▼

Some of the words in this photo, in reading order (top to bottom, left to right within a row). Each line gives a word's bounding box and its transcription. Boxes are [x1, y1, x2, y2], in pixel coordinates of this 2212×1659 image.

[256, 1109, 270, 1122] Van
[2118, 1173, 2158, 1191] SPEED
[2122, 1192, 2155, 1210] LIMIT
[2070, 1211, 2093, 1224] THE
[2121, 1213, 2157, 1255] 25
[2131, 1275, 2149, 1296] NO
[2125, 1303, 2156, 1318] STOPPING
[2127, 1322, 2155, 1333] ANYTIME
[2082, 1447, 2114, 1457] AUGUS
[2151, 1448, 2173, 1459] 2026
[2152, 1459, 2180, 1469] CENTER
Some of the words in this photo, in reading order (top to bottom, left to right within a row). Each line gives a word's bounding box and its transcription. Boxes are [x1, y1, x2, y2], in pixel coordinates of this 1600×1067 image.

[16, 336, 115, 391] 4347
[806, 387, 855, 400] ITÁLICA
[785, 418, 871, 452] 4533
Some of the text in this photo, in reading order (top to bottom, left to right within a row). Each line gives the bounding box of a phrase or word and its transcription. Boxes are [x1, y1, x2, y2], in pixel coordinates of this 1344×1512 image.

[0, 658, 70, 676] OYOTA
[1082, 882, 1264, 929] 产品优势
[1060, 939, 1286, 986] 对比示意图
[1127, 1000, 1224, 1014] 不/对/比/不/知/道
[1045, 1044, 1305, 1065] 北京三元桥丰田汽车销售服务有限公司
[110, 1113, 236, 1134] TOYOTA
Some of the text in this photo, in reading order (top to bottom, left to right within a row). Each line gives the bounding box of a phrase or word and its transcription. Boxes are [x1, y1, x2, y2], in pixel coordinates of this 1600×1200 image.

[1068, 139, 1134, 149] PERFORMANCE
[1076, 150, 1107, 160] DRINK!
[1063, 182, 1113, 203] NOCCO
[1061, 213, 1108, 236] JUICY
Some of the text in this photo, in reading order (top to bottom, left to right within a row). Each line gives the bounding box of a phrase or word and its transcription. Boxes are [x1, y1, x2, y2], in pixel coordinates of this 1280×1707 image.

▲

### Task statement
The output must reproduce the whole listing without a single change.

### Reply
Some of the words in this photo, in reading order (top to bottom, left to right within a row). Each line gives a word's bounding box and its transcription. Boxes are [x1, y1, x2, y2], in pixel coordinates of this 2212×1659 image.

[256, 1109, 270, 1122] Van
[2118, 1173, 2158, 1191] SPEED
[2122, 1192, 2155, 1210] LIMIT
[2070, 1211, 2093, 1224] THE
[2121, 1213, 2157, 1255] 25
[2131, 1275, 2149, 1296] NO
[2125, 1303, 2156, 1318] STOPPING
[2127, 1322, 2155, 1333] ANYTIME
[2082, 1447, 2114, 1457] AUGUS
[2151, 1448, 2173, 1459] 2026
[2152, 1459, 2180, 1469] CENTER
Some of the words in this photo, in reading order (top to bottom, left to right within a row). Each line gives a word's bounding box and its transcription. Boxes are [x1, y1, x2, y2], in pixel coordinates of this 1600×1067 image.

[16, 336, 115, 391] 4347
[806, 387, 855, 400] ITÁLICA
[785, 418, 871, 452] 4533
Some of the text in this photo, in reading order (top to bottom, left to right within a row). Each line gives the bounding box of a phrase or word and its transcription. Boxes are [x1, y1, x2, y2], in pixel coordinates of this 1344×1512 image.

[0, 658, 70, 676] OYOTA
[1082, 882, 1264, 929] 产品优势
[1060, 939, 1286, 986] 对比示意图
[1127, 1000, 1224, 1014] 不/对/比/不/知/道
[1045, 1044, 1305, 1065] 北京三元桥丰田汽车销售服务有限公司
[110, 1113, 236, 1134] TOYOTA
Some of the text in this photo, in reading order (top to bottom, left to right within a row). Each line gives the bounding box of a phrase or word and its transcription. Boxes are [x1, y1, x2, y2], in pixel coordinates of this 1600×1200 image.

[1068, 139, 1134, 149] PERFORMANCE
[1076, 150, 1107, 160] DRINK!
[1063, 182, 1113, 203] NOCCO
[1061, 213, 1108, 236] JUICY
Some of the text in this photo, in reading order (top to bottom, left to right within a row). Each line gives the bounding box of a phrase or word and its transcription. Boxes are [x1, y1, x2, y2], in pixel coordinates of this 1280×1707 image.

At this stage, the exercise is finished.